2009-06-05LuoHaiying

文化交流 2009年5期

Luo Haiying

The Enclosure in the British history was something we learned in our history classes during middle school days. But “sheep eating men” was all I knew about the event that took place about 600 years ago far away in England. It was not until June, 2006 when I was visiting the place where sheep used to eat men that I began to understand the history.

On the morning of June 1st, we set out from Manchester to the lake area. Our tour bus cruised into a hilly area where we saw fields on hill slopes, separated by short stone walls. From far, the stone walls looked like the Great Wall back in China. We saw some sheep grazing here and there.

While we felt amazed at the scene, the guide, a Chinese surnamed Yang who used to be a university teacher back home, told us we were in the heart of the place where the movement of enclosures raged once. As all of us in the bus knew something about the sheep-eating-men phenomenon, we asked Yang to give us a mini lecture.

The movement started in the 1470s when the England stopped exporting wool. Instead, large quantities of wool were urgently needed by the emerging textile industry. The demand for wool drove sheep farming to prosper. Lands change hands. Peasants who had lost their lands had to get employment somewhere else. The movement destroyed the feudal system and paved way to the capitalist system. The Enclosure was an epoch-making event in history because it was an agricultural revolution leading to capitalism in the 17the century and the industrial revolution in the 18th century.

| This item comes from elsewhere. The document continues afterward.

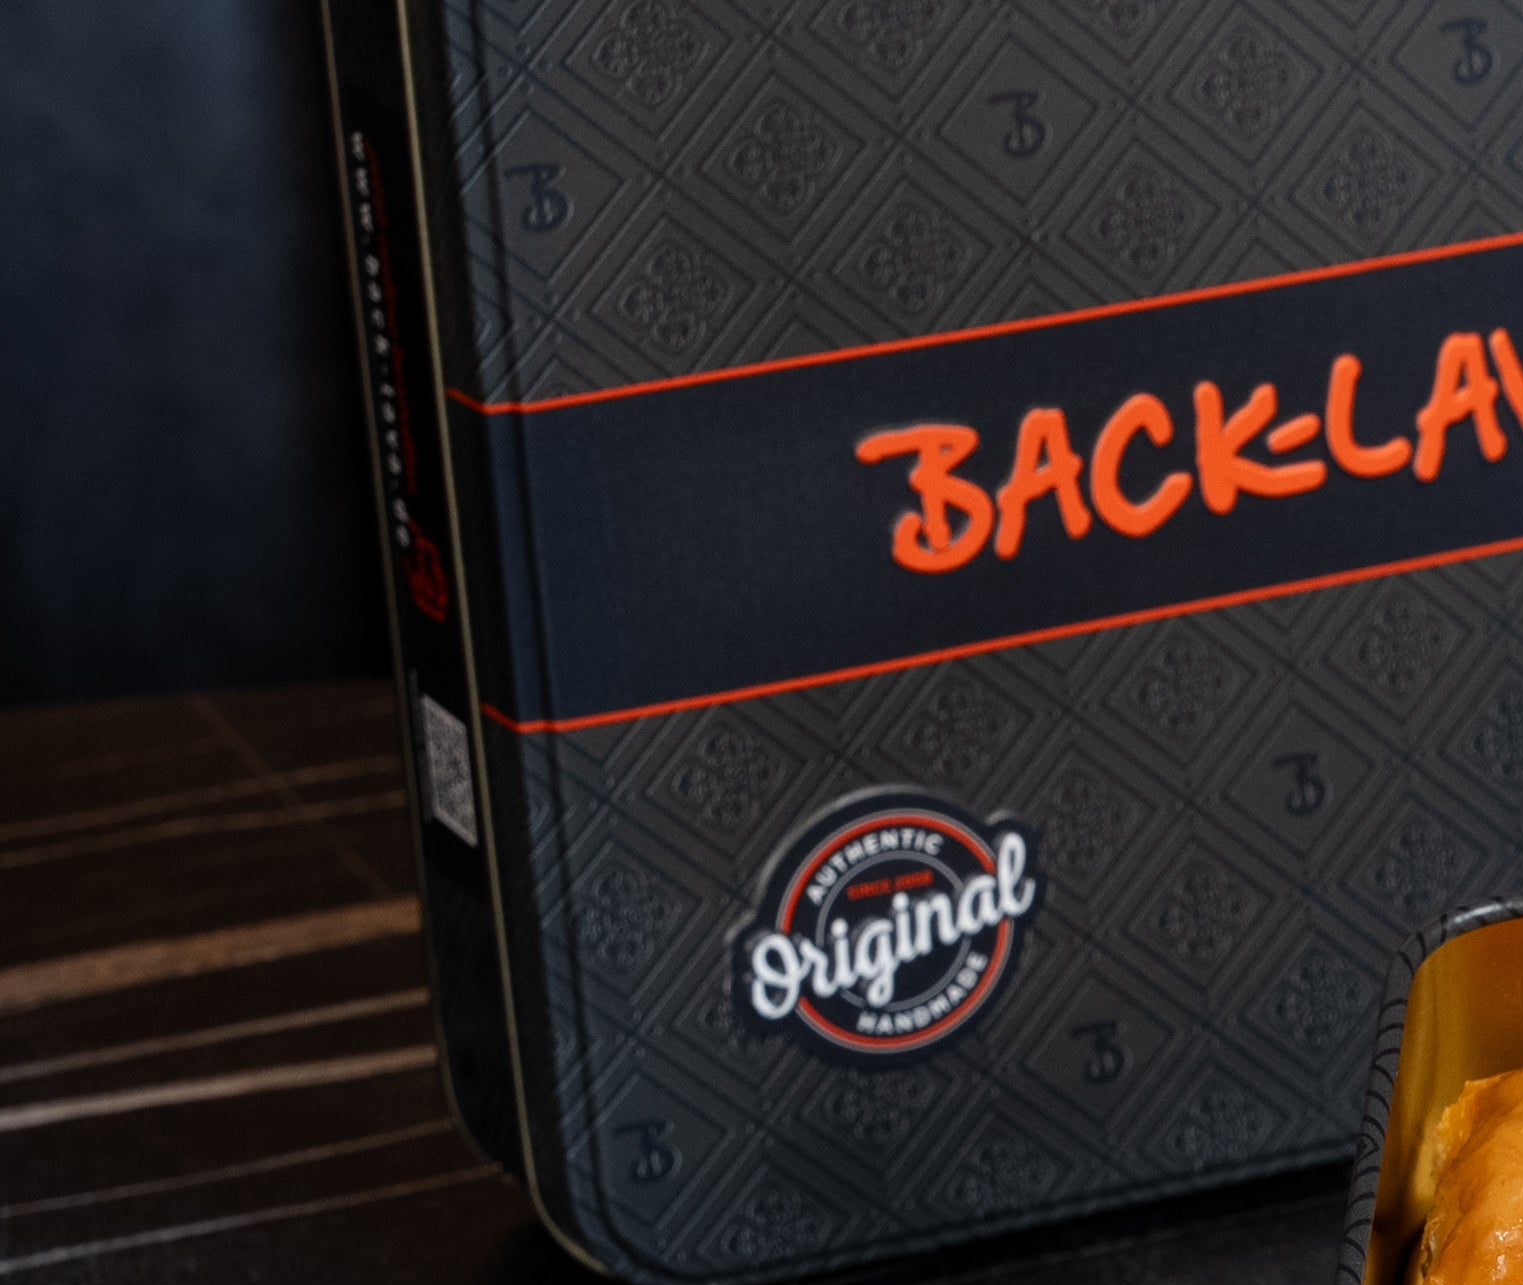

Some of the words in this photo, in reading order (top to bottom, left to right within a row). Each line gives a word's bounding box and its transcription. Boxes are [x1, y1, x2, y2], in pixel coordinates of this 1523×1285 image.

[807, 828, 945, 905] AUTHENTIC
[751, 831, 1037, 1020] Original
[856, 951, 989, 1035] HANDMADE

The on-the-spot lecture enabled me to realize that what I had learned about sheep-eating-men in my middle school years was not the whole picture. It highlighted the brutality of the movement, but it said nothing about the positive role it played in pushing forward social progress. Looking outside the bus window, I wondered about the feudal system in ancient China and wondered if the deep-rooted feudal system arrested the development of the Chinese society and devastated its progress until the oriental empire became weak and fell under the invading powers from the other parts of the world.

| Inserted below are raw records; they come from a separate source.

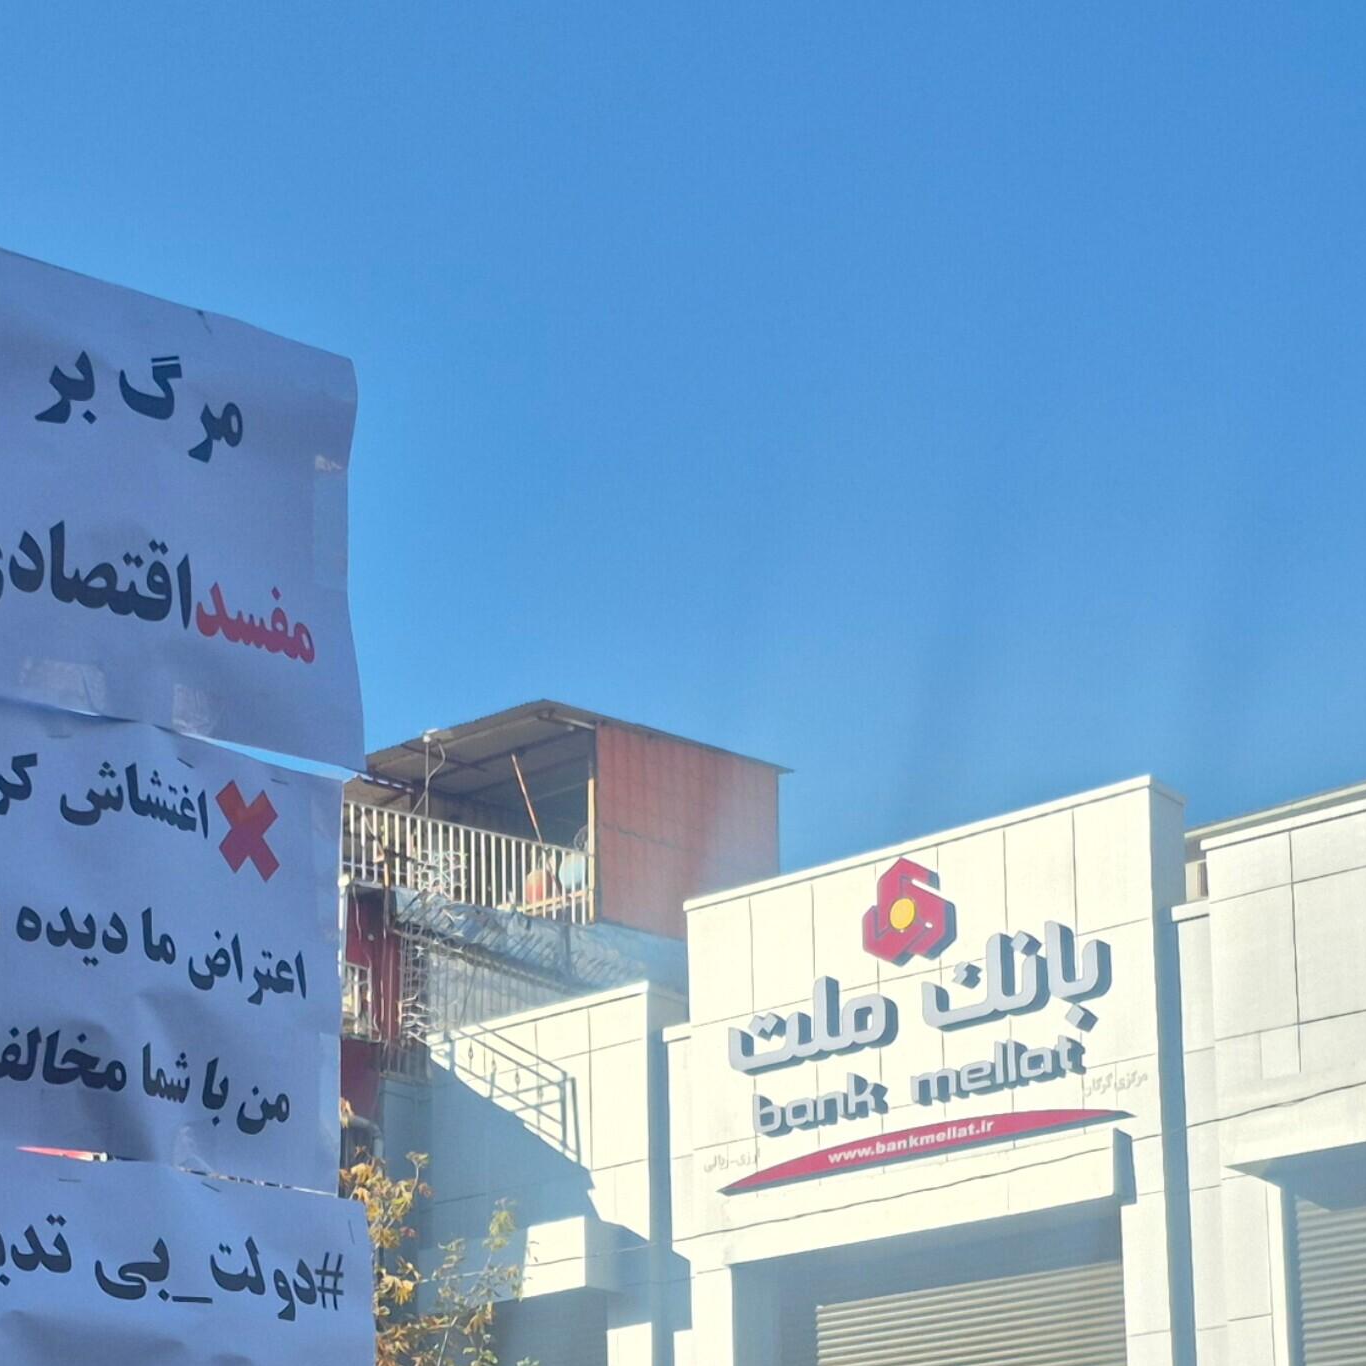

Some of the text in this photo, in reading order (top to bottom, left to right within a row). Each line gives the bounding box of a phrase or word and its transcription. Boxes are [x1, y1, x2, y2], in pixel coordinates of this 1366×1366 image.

[34, 351, 244, 463] مرگ بر
[195, 581, 316, 664] مفسد
[59, 761, 210, 840] اغتشاش
[15, 911, 129, 968] دیده
[141, 907, 177, 965] ما
[188, 930, 307, 1006] اعتراض
[727, 919, 1112, 1076] بانک ملت
[141, 1043, 191, 1105] شما
[202, 1057, 229, 1125] با
[752, 1034, 1087, 1137] bank mellat
[235, 1086, 291, 1135] من
[827, 1117, 995, 1165] www.bankmellat.ir

The enclosure movement is now history. The land where sheep once thrived now is a tourism attraction. I leaned from the guide that about 1.4 million tourists visit the 2,300-km2 lake area per year, attracted by its picturesque natural environment, which was once a paradise for sheep.

My interest in the sheep that ate men 600 years grew. The guide promised to take us in the afternoon to take a look at the black-faced creatures.

After the lunch, we left Bowness, a small lakeside town in the area, for Edinburgh, the capital of Scotland. The bus zigzagged along the highway in mountains, much higher than those we had seen in the morning. We saw stone walls that went from the valley up to the top. At one spot, we stopped and got off. Five or six black-faced sheep were grazing on a terrace. They were all white except their faces. I dont know why, but the sheep looked ferocious to me. We looked at them across the fence and took a few photographs. The sheep gazed up at us blankly. I teased them, “You want to eat me?” They made no reply and went back to eat grass again.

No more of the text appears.